Después, una vez concluidas las mediciones, pude ponerme los calcetines y los zapatos, en su lamentable estado, y nos tomamos otra copa de vino. Giaconelli parecía cansado, como si la operación de medirme los pies lo hubiese dejado exhausto.
– Propongo un par de zapatos negros con un matiz violeta -sugirió Giaconelli-. Un pespunte en la parte superior y agujeros para los cordones. Para mantener un tono discreto y, al mismo tiempo, darles un toque personal, utilizaremos dos clases de piel. Para la parte superior tengo un trozo de piel curtida hace doscientos años que otorgará un toque particular al color y la impresión que causen los zapatos.

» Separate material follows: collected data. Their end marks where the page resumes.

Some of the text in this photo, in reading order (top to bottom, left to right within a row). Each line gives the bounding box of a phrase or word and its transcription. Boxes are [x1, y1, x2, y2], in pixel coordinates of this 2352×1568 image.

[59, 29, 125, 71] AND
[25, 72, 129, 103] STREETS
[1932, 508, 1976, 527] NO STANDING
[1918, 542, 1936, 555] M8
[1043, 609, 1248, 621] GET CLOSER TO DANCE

Volvió a llenar las copas con el vino que quedaba en la botella.
– Dentro de un año estarán listos -aseguró-. En estos momentos estoy trabajando en los zapatos de un cardenal del Vaticano. Además, tengo un par para el dirigente Keskinen y le he prometido a la cantante Klinkowa un par de zapatos para sus actuaciones. Empezaré los tuyos dentro de ocho meses; dentro de un año estarán listos.

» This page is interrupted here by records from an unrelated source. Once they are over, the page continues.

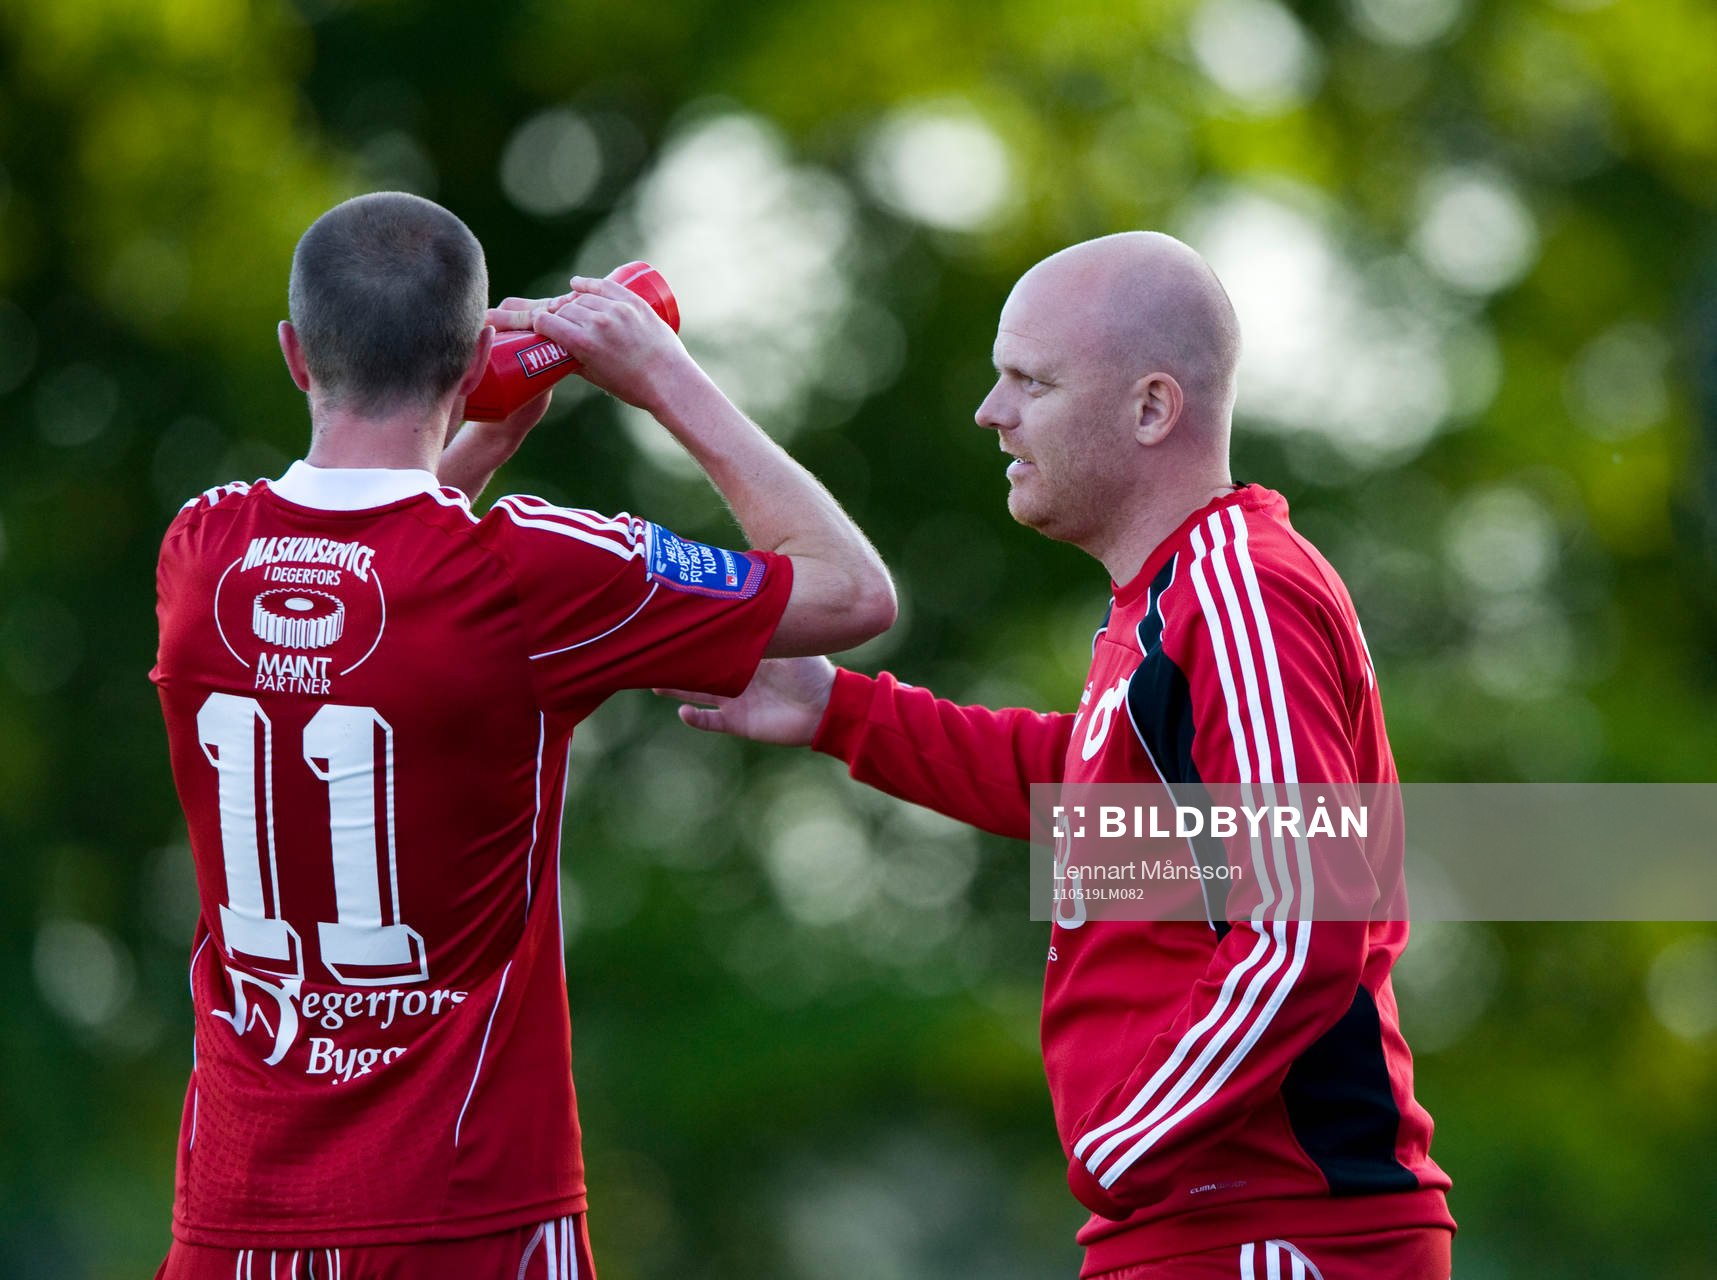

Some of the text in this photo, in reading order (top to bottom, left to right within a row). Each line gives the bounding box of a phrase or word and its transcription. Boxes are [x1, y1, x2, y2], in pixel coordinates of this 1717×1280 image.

[526, 343, 568, 370] ORTIA
[240, 536, 376, 583] MASKINSERVICE
[264, 565, 342, 586] I DEGERFORS
[257, 652, 332, 679] MAINT
[254, 673, 331, 694] PARTNER
[196, 692, 429, 986] 11

Apuramos las copas. Nos estrechó la mano y se marchó. Cuando salimos, volvimos a oír la música procedente de la habitación en la que tenía el taller.
Acababa de conocer a un maestro que vivía en un pueblo desierto de los grandes bosques. Muy lejos de las ciudades se escondían personas que poseían conocimientos maravillosos y sorprendentes.
– Un hombre extraordinario -comenté mientras nos dirigíamos al coche.
– Un artista -precisó mi hija-. Sus zapatos no pueden compararse con los demás, no pueden imitarse.
– ¿Por qué vino aquí, en realidad?
– La ciudad lo enloquecía. La angostura, la impaciencia que no le permitía realizar su trabajo con calma. Vivía en la Via Salandra. Y yo me he propuesto ir allí un día para ver lo que dejó atrás.
Recorrimos el creciente ocaso. Cuando nos acercamos a una parada de autobús, me pidió que me desviase y me detuviese.
El bosque estaba cerca. La miré antes de preguntar:
– ¿Por qué paramos?
Louise extendió la mano hacia mí. Yo la estreché entre las mías. Nos mantuvimos así, sentados y en silencio. Un camión que transportaba madera se acercaba atronador levantando nubes de polvo de nieve.
– Sé que registraste mi caravana mientras estábamos fuera. No importa. No encontrarás mis secretos en cajones y estanterías.
– Vi que escribes cartas y que, a veces, te responden. Pero no recibes las respuestas que deseas, ¿no?
– Recibo fotografías firmadas de políticos a los que acuso de algún crimen. La mayoría de ellos responde con evasivas, si es que responden.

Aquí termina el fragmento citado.